Having just returned and noticed a computer in the lobby I thought I’d post something of one of the most beautiful rituals I’ve seen yet. To those who question the point or purpose of ritual I say go to this one. It is simply an experience worth having.
Every evening at 7.30pm this ceremonial offering (aarti) to the river Ganges, considered a sacred mother to all life, takes place. The whole experience, out on the river; watching the brahmins in brilliant orange and white robes at the ghats perform with synchronised, almost dance like movements; the gentle lapping of water ; cool breezes in the darkness; hundreds of hushed pilgrims and tourists gathered around on boats and steps, made for a mood of reverential awe. It was certainly helped too by the sacred songs and mantras resonating, unusually, at a suitably devotional pitch.

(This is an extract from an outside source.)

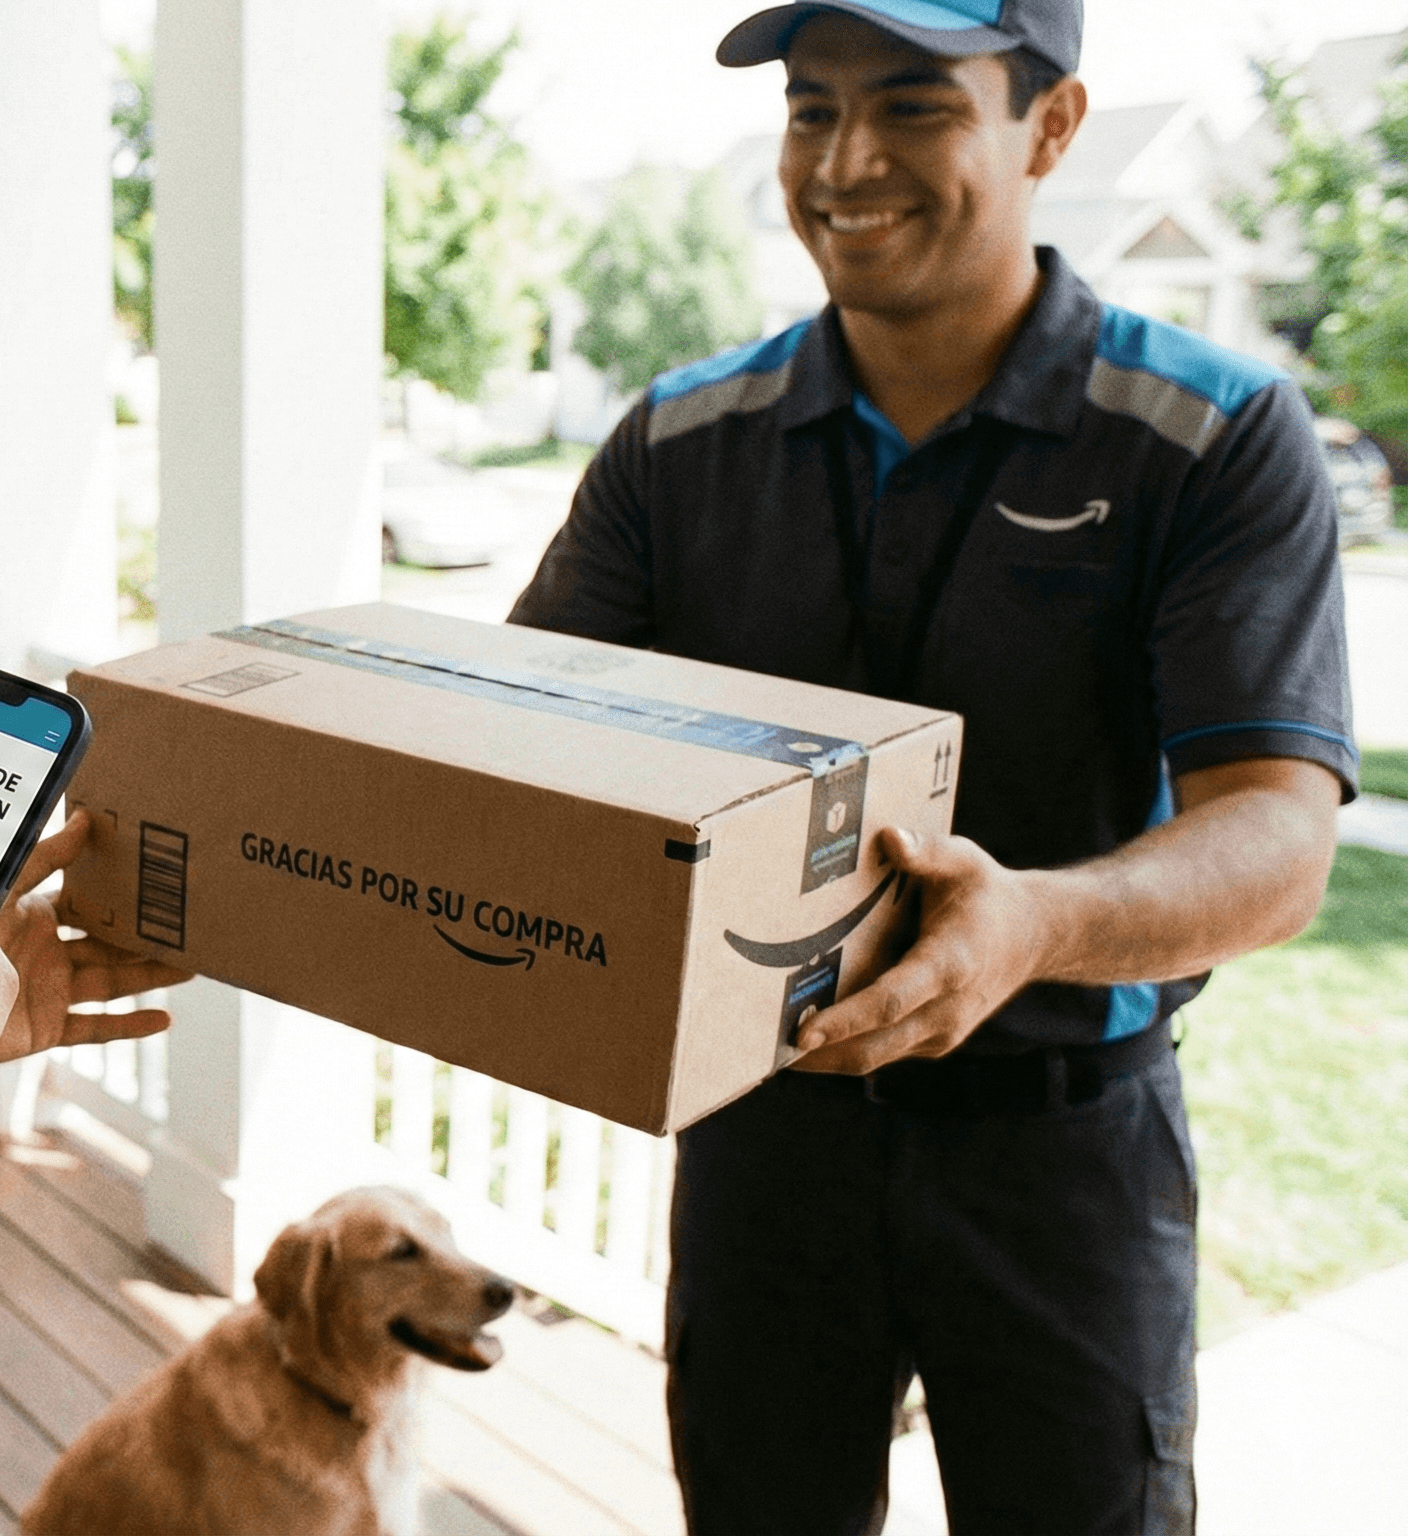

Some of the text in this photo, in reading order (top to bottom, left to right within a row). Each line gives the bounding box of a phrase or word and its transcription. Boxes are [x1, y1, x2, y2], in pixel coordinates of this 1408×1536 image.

[240, 832, 608, 968] GRACIAS POR SU COMPRA

Priests offering puja (worship) to the Ganges
There is Youtube clip that has footage of the ritual, though the brahmins were dressed differently that day. You can find it here.
The fires of huge lamps lit up the sky and incense and frankincense wafted through the night as people gently offered their own little flower lamps to the rippling back of Mother Ganga.
Spectacular fire lamp offering
Offering floating flower lamps to the Ganges
But before I wax on too lyrically about the uplifting spirituality of the whole experience, ritual may also serve less edifying ends. A savvy and articulate youth, Raj, was my guide for the evening. He pointed to one of the eight or so brahmins lined up on the bank and said with unveiled disgust:
“You see him, the one with the balding hair, he’s not really a brahmin at all. When this puja is over he will go over there and smoke cigarettes and talk to the tourist girls”.
“So he’s a bit of an actor then? ” I said. ” Do you think he just likes to do this in front of the crowds, to be a bit of a celebrity? ”
He laughed saying ” Yes. This one he thinks he is the Michael Jackson of Varanasi.”
I ended my evening back at the hotel restaurant watching flames seemingly floating far out on the Ganges. I asked what it was and the waiter said it was a poor man’s cremation on the opposite side of the river – one who could not afford a burning on this side.
So as my Ginger and Honey and Lemon tea arrived, I watched the blazing funeral pyre from my side of the river. It looked like one of the little candle lamps offered by pilgrims at this evening’s ritual, floating far across the water. It flickered and gradually faded as Mother Ganges carried a soul home.
Tomorrow morning I will go out on a boat at dawn to see the sun rise over life and death at the Varanasi Ghats (broad steps leading down to the river for bathing). Then in the afternoon I will head for Prayag (Allahadad) and catch a night train from there to Mathura.